The Motor and Somatosensory Areas

  • Motor cortex (frontal lobe): controls voluntary movements; mapping shows that areas requiring precise control occupy more cortical space (homunculus).

  • Somatosensory cortex (parietal lobe): processes touch and body position; greater sensitivity areas have larger representations.

  • Brain–machine interfaces: research enables thought-driven control of external devices and assistive technologies.

Visual and Auditory Cortices

  • Visual cortex (occipital lobe): processes visual input; damage can affect vision; LSD studies show increased cross-communication between regions.

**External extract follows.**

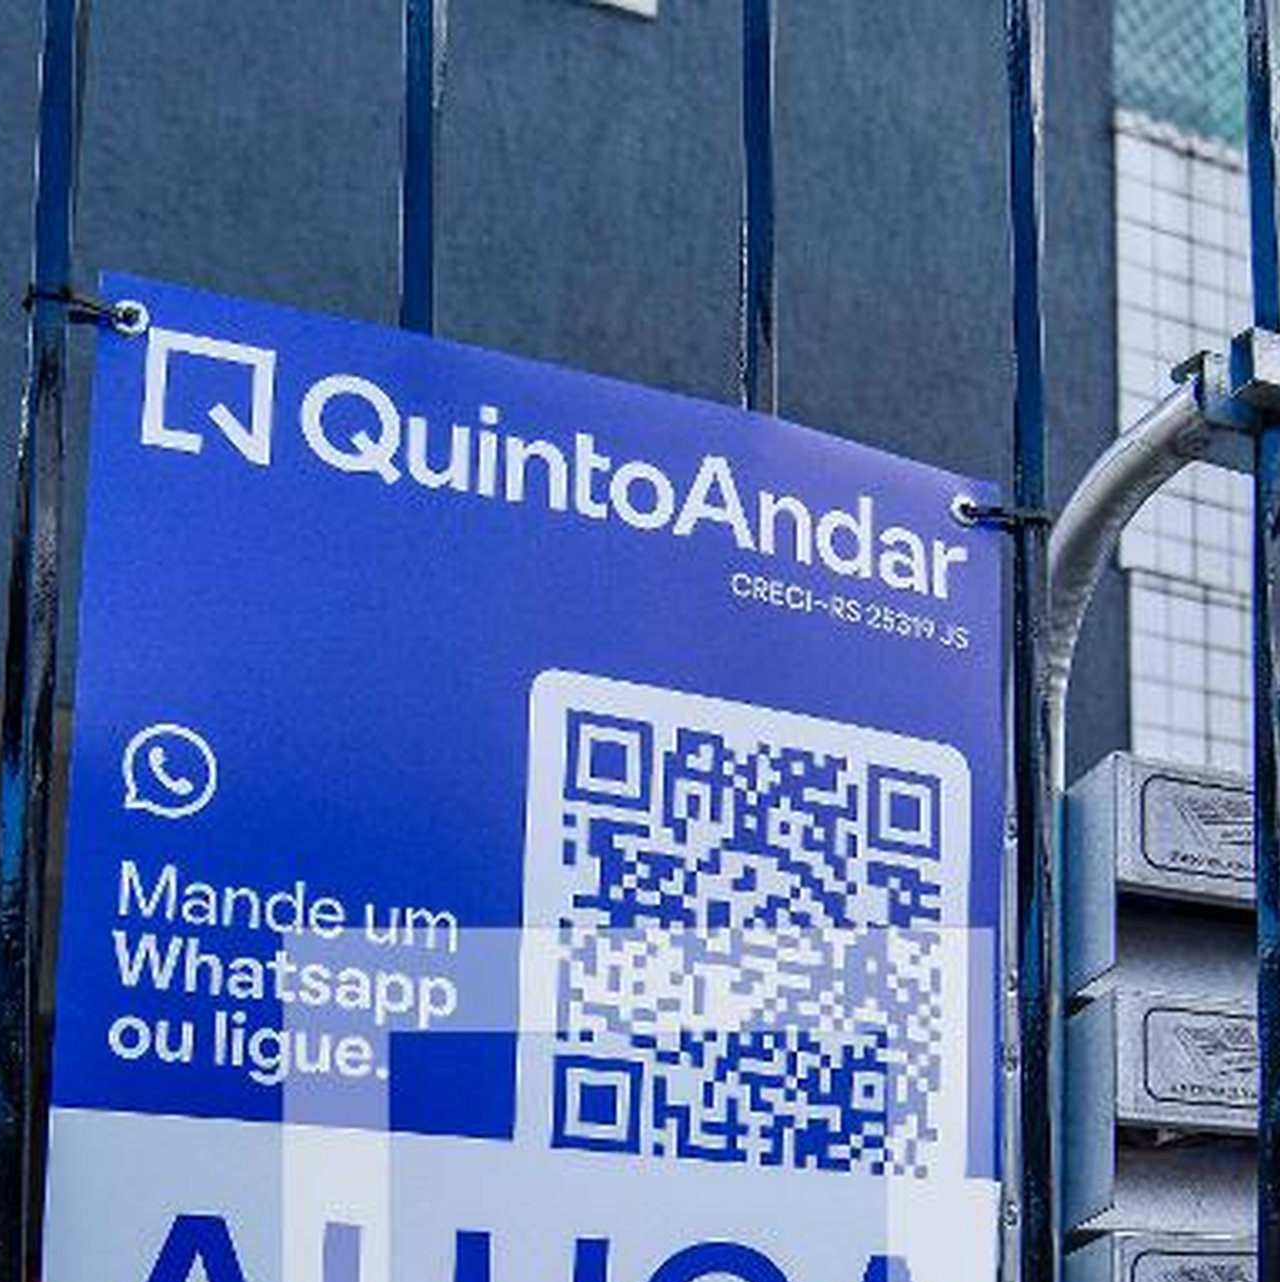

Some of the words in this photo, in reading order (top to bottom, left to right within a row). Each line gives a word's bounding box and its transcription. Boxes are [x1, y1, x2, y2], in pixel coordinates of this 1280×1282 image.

  • Auditory cortex (temporal lobe): processes sound; input from the opposite ear; auditory hallucinations linked to temporal lobe activity.

Association Areas

  • Not primary sensory/motor regions; support higher mental functions (learning, remembering, thinking, speaking).

  • Prefrontal cortex: planning, judgment, social behavior, processing new memories; damage can impair planning and inhibitory control.

  • Parietal association areas: mathematical/spatial reasoning; Einstein’s brain example; stimulation can influence perception of movement.

  • Right temporal association area: face recognition; damage can impair recognizing familiar people despite describing features.

  • Takeaway: complex tasks rely on networks and functional connectivity across areas; avoid simplistic localization.

Phineas Gage and the Frontal Lobe

  • Frontal lobe damage linked to personality and behavior changes; Gage case showed loss of emotion regulation and moral judgment after injury.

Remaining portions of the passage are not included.